Furthermore, if one holds a .eu domain name, after January 2021, they will not be able to register or hold it and they should surrender it or it will be withdrawn. The only solution to this shall be to establish a business in the EU.
On the other hand, a patent poses no issues as the EPO is not an institution of the EU and the treaty which establishes it is autonomous (and, e.g., it includes countries like Switzerland, Turkey, Albania or Serbia).
Brexit and corporate rules
For now, the entities in UK can still enjoy the benefit of the single internal market of the EU.
However, in case of “no deal”, the EU will apply the localisation requirement, meaning that a company in the UK cannot operate directly in the EU market without being established inside the EU.
At the same time, branches of British companies will be considered as third-country branches and the appropriate rules will apply.
Subsidiaries, as they are considered as established in the EU, do not incur any problem.
In such scenario, a jurisdiction like Malta, as it very dynamic, digital and business-friendly and English speaking could be a valid ally for UK entities.

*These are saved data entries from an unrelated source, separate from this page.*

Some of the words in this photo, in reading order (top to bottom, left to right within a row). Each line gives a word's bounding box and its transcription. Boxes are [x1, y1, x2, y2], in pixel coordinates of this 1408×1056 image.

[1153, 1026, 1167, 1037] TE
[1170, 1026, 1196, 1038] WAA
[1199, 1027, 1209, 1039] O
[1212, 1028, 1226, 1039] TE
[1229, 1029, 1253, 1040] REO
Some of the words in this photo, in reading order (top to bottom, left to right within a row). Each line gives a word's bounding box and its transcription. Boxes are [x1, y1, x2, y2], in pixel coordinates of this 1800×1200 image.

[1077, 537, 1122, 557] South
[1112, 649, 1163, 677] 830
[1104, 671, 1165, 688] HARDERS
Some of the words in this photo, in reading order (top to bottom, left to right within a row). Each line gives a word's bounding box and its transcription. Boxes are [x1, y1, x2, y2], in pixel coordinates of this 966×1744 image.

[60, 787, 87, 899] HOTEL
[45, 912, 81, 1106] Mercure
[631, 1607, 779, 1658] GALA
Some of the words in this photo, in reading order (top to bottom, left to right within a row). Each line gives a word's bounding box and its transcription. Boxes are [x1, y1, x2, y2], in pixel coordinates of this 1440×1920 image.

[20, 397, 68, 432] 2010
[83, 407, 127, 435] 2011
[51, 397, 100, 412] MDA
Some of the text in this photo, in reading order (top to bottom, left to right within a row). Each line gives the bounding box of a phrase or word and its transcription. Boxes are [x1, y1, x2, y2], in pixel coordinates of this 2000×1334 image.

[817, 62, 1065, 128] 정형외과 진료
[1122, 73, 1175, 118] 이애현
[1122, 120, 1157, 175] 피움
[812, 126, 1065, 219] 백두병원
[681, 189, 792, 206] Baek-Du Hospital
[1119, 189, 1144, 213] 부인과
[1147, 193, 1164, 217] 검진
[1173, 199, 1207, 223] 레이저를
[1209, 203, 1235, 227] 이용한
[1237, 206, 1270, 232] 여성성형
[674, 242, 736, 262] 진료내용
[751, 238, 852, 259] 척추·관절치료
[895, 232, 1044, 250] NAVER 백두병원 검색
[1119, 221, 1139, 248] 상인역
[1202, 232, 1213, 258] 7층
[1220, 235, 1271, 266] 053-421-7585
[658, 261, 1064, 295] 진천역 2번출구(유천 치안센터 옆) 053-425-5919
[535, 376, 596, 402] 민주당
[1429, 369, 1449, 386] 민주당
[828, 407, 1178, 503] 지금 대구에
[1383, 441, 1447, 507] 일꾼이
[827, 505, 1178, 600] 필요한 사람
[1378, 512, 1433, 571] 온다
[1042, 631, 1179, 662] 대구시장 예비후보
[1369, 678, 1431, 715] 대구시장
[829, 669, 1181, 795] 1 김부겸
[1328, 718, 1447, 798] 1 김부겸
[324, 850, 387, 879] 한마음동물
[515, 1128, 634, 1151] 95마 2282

Last, contracts should be carefully reviewed as the choice of law and jurisdiction could be a matter of dispute as the UK will no longer apply the EU regulation on international private law, which means that the recognition and execution of British rulings shall not operate automatically and it will be regulated by each EU Member State law. It is highly possible that the UK will join the Hague convention of 2005, which deals with this particular matter, but for the time being, it is not possible to rely on that.
Brexit and marketing
Currently, specific rules apply to marketing activities in UK.
After the end of the transition period, a period of grace will be granted, but sectorial legislation will apply, i.e. marketing of chemicals products, medicines and so forth must comply with the relevant rules and authorities.
For example, in the case of investment funds, the investment fund manager will need to notify the FCA under the National Private Placement Regime (the “NPPR”) and can no longer resort to the marketing rules according to above
mentioned passporting regime. More rules and guidance will be provided by the FCA.
Brexit has surely shocked and changed the EU.
It is hard to foresee what will happen and most of it will depend on how much the UK wishes to be integrated in the EU: the closer, the more similar legislation they will adopt.
However, they want to leave the UE to not be bound by the EU law and this entails that the UK could simply choose other paths, e.g. intensifying its relationship with the Commonwealth Members or America.
In conclusion, the issue of Brexit should be carefully evaluated by professionals in order to minimise an already difficult situation.